- [Source data]:
+++

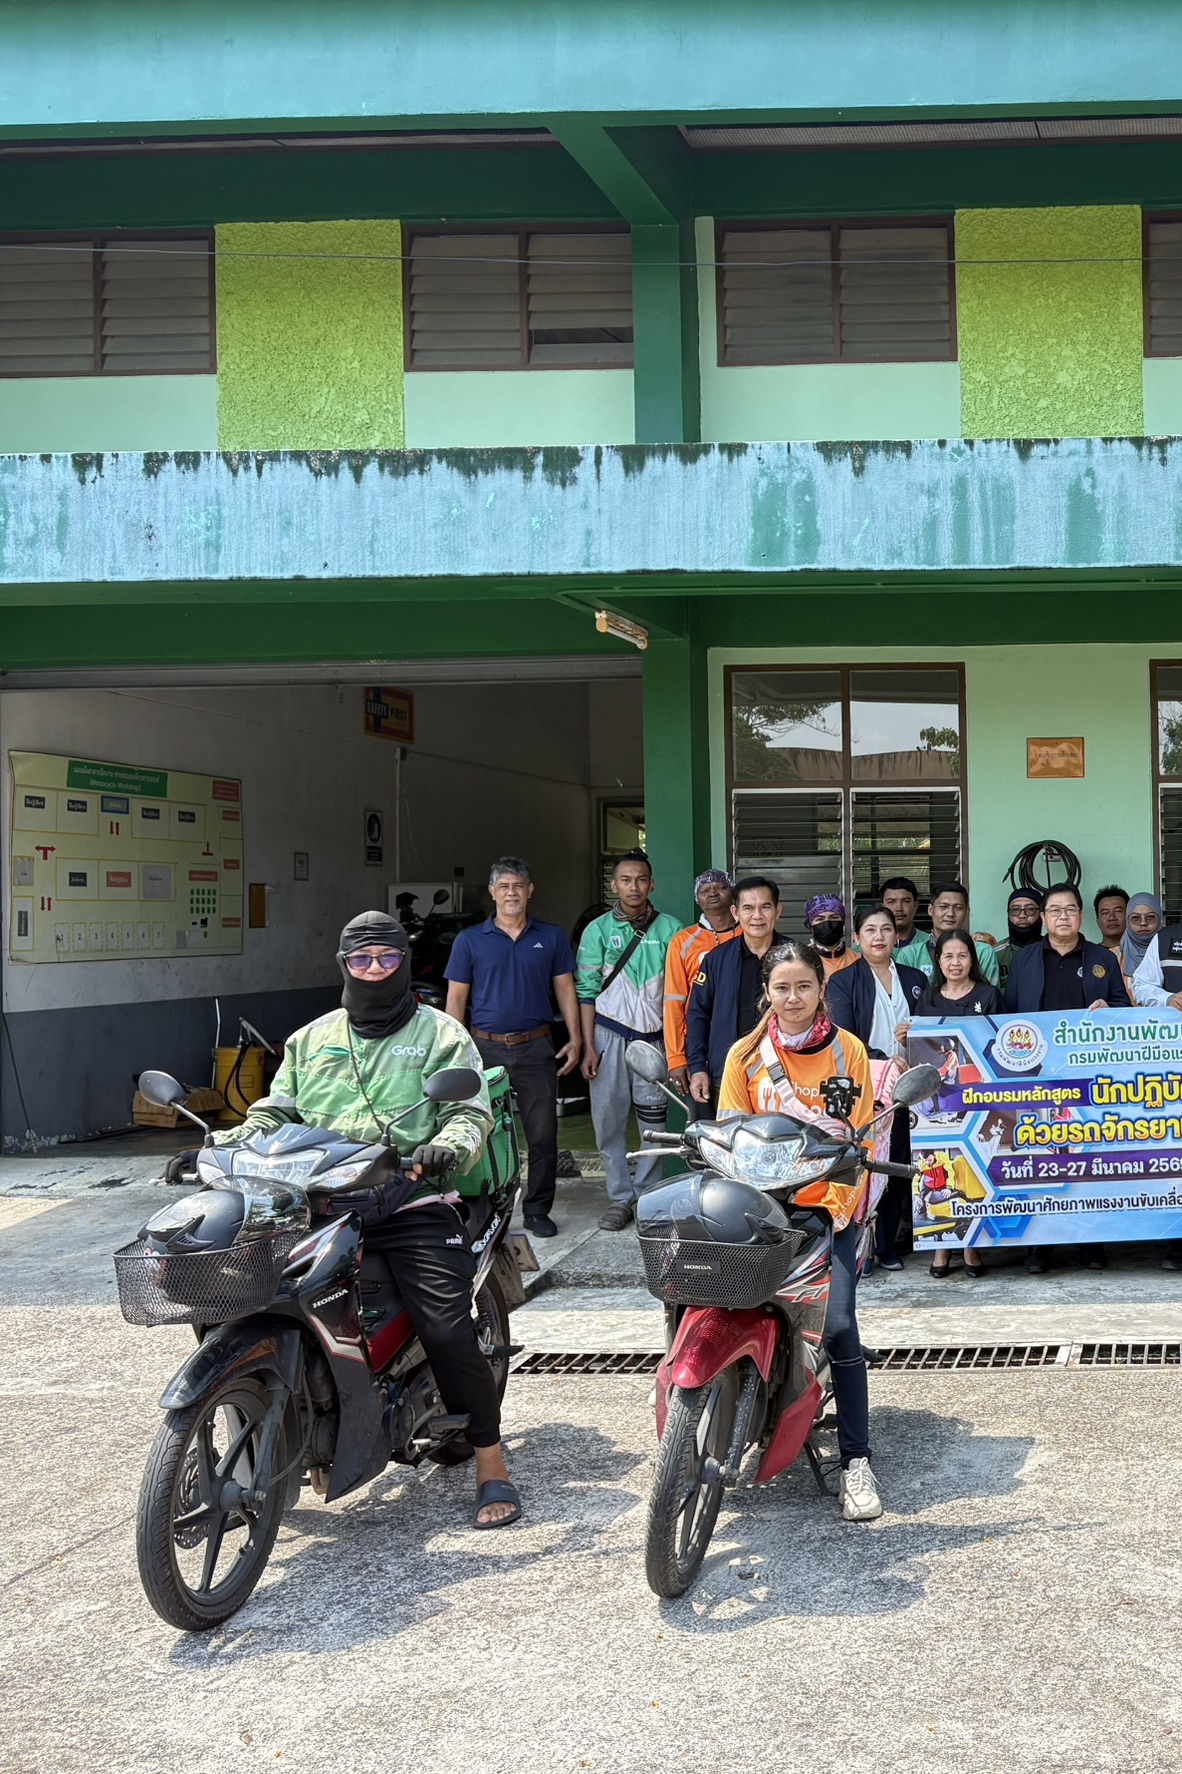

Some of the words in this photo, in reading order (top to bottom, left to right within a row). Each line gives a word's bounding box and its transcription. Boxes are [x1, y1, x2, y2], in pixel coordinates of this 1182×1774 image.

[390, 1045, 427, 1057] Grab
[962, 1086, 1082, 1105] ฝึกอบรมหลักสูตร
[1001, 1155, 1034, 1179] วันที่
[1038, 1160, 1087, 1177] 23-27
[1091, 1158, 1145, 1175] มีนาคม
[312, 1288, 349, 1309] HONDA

+++

- [Requirement]: No image belongs in the copy. Transcribe the full listing verbatim.

- [Exercise solution]:
Some of the words in this photo, in reading order (top to bottom, left to right within a row). Each line gives a word's bounding box and its transcription. Boxes are [x1, y1, x2, y2], in pixel coordinates of this 1182×1774 image.

[390, 1045, 427, 1057] Grab
[962, 1086, 1082, 1105] ฝึกอบรมหลักสูตร
[1001, 1155, 1034, 1179] วันที่
[1038, 1160, 1087, 1177] 23-27
[1091, 1158, 1145, 1175] มีนาคม
[312, 1288, 349, 1309] HONDA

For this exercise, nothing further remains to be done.